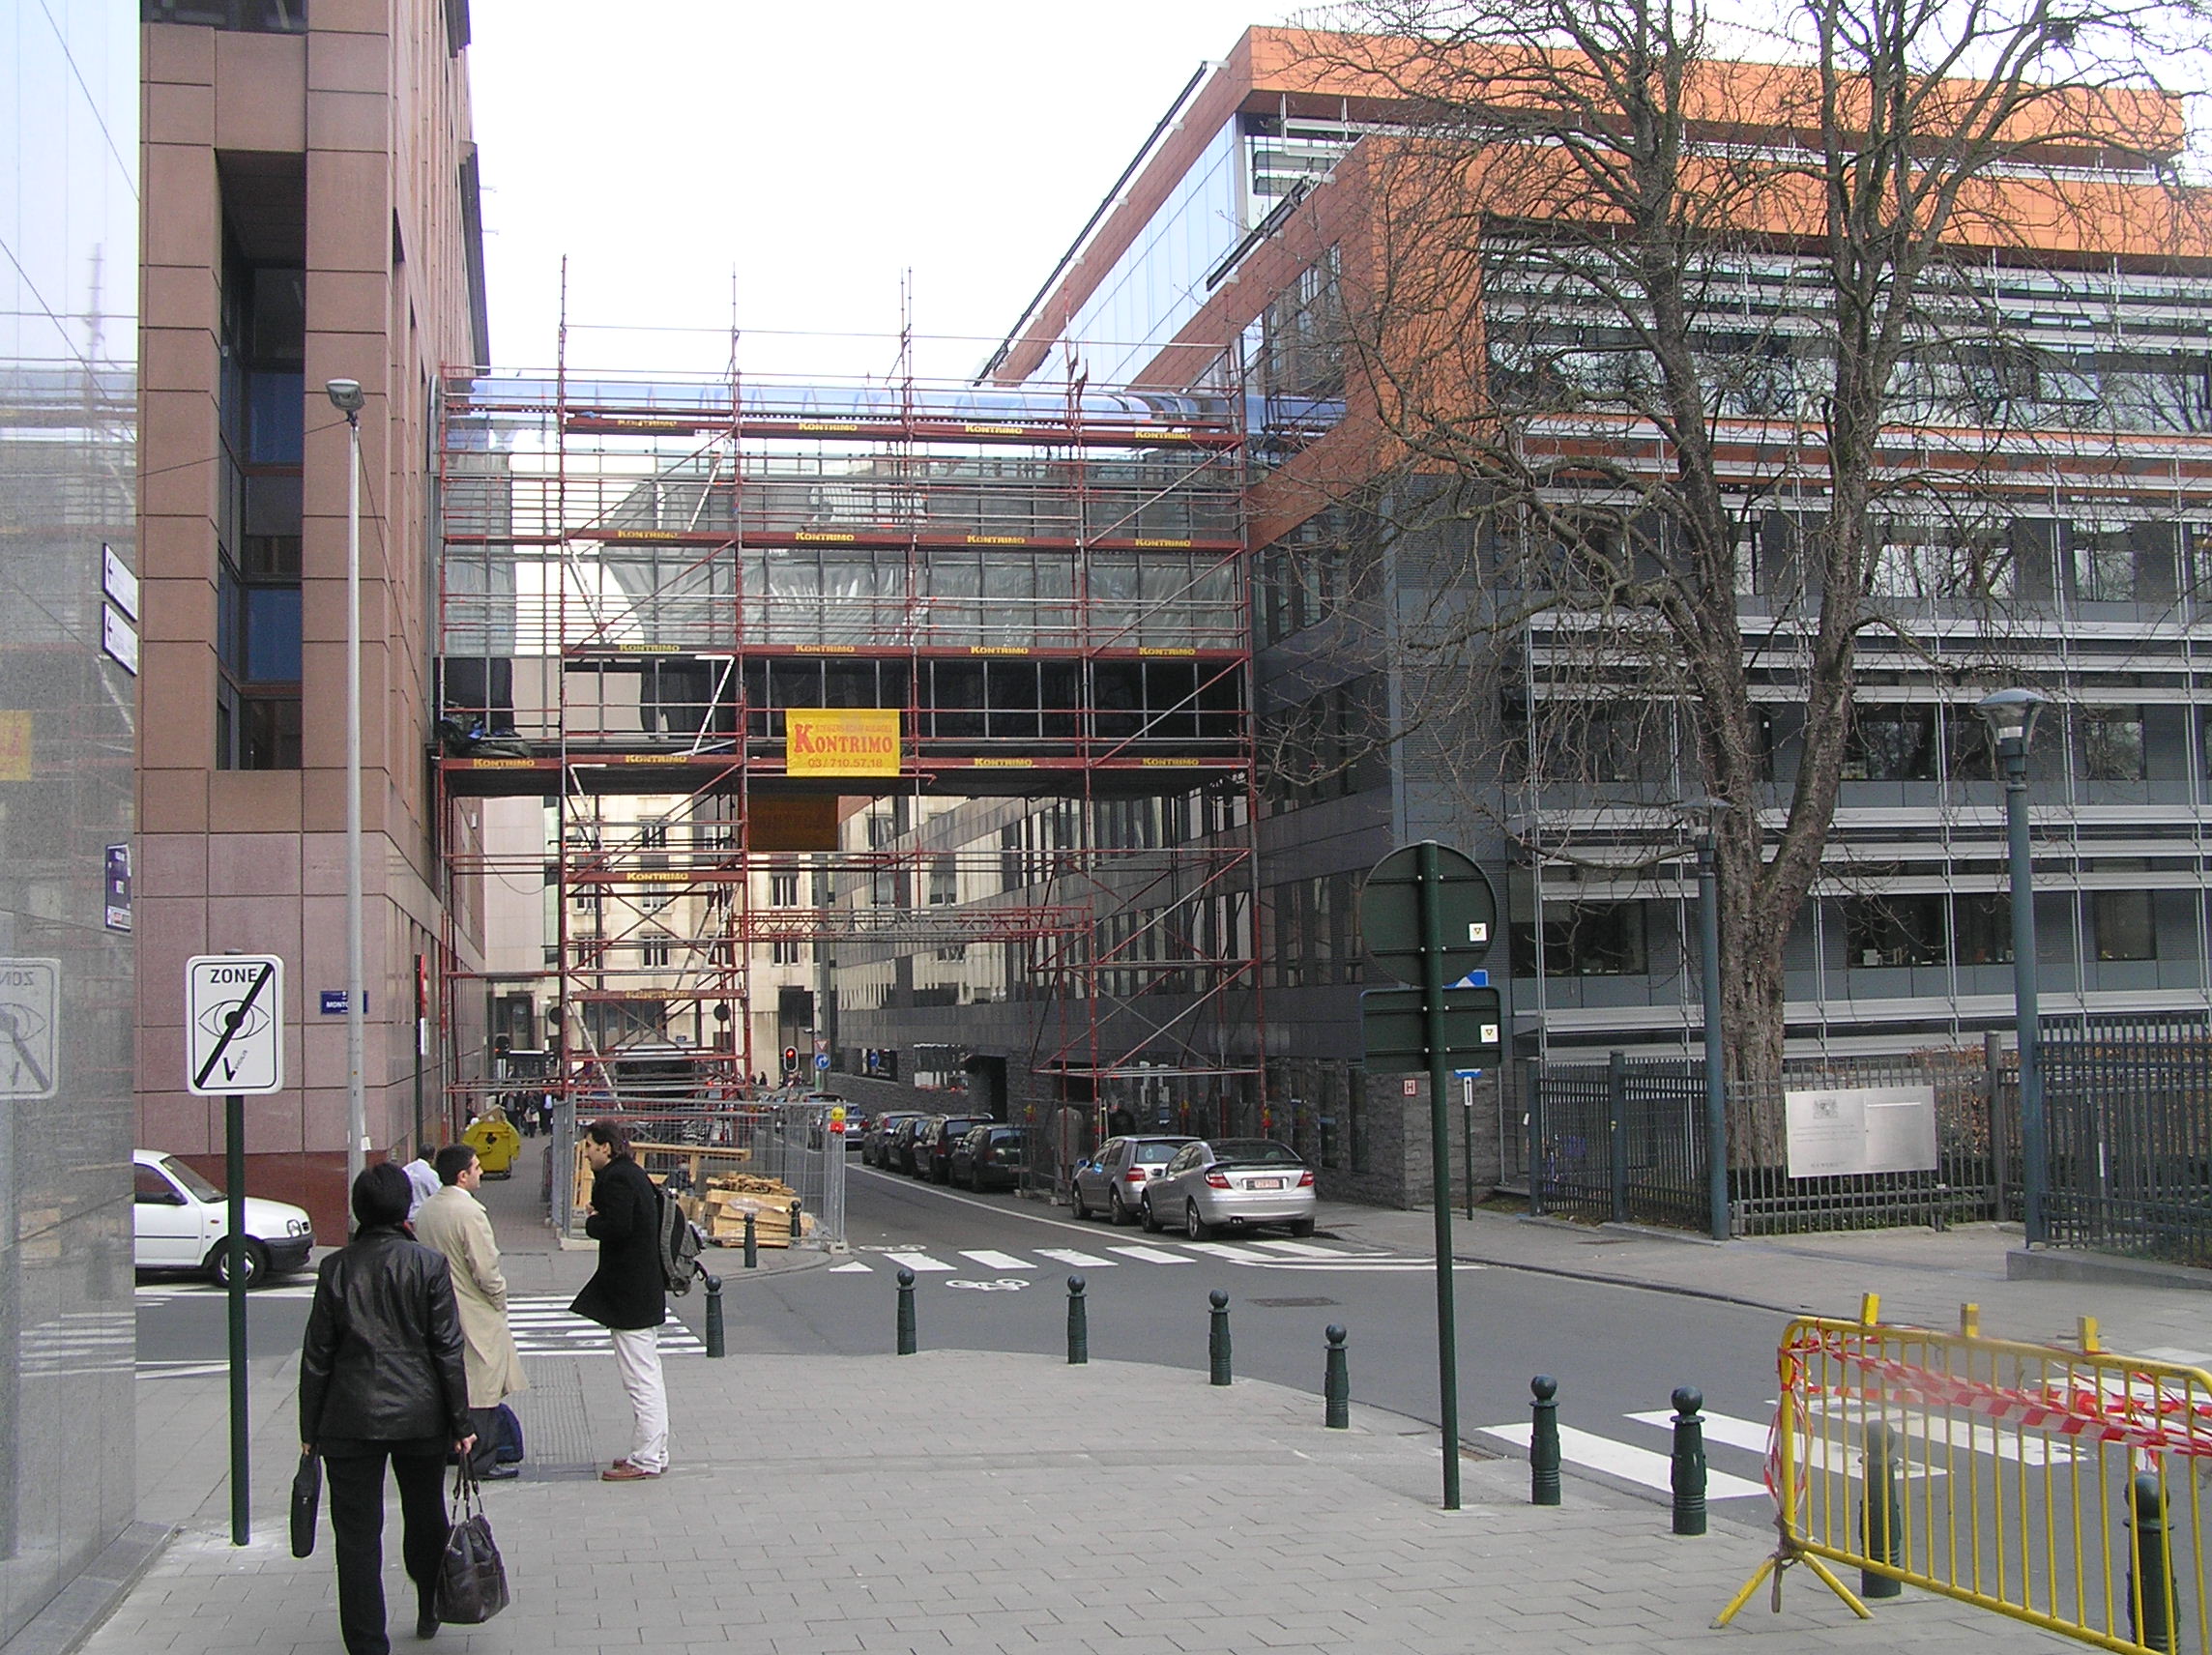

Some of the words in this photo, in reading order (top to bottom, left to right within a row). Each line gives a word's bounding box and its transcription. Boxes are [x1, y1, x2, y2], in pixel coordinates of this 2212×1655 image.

[799, 422, 858, 431] KONTRIMO
[965, 425, 1023, 435] KONTRIMO
[1135, 430, 1191, 439] KONTRIMO
[618, 531, 678, 539] KONTRIMO
[796, 532, 855, 541] KONTRIMO
[967, 536, 1025, 544] KONTRIMO
[1135, 538, 1191, 547] KONTRIMO
[619, 644, 680, 653] KONTRIMO
[795, 644, 855, 653] KONTRIMO
[970, 646, 1029, 654] KONTRIMO
[1139, 647, 1196, 655] KONTRIMO
[794, 723, 892, 753] KONTRIMO
[626, 754, 687, 763] KONTRIMO
[974, 758, 1033, 767] KONTRIMO
[473, 759, 535, 768] KONTRIMO
[626, 872, 688, 881] KONTRIMO
[210, 969, 258, 983] ZONE

Task statement
Give back the listing exactly, with the pictures removed.

Answer below
Some of the words in this photo, in reading order (top to bottom, left to right within a row). Each line gives a word's bounding box and its transcription. Boxes are [x1, y1, x2, y2], in pixel coordinates of this 2212×1655 image.

[799, 422, 858, 431] KONTRIMO
[965, 425, 1023, 435] KONTRIMO
[1135, 430, 1191, 439] KONTRIMO
[618, 531, 678, 539] KONTRIMO
[796, 532, 855, 541] KONTRIMO
[967, 536, 1025, 544] KONTRIMO
[1135, 538, 1191, 547] KONTRIMO
[619, 644, 680, 653] KONTRIMO
[795, 644, 855, 653] KONTRIMO
[970, 646, 1029, 654] KONTRIMO
[1139, 647, 1196, 655] KONTRIMO
[794, 723, 892, 753] KONTRIMO
[626, 754, 687, 763] KONTRIMO
[974, 758, 1033, 767] KONTRIMO
[473, 759, 535, 768] KONTRIMO
[626, 872, 688, 881] KONTRIMO
[210, 969, 258, 983] ZONE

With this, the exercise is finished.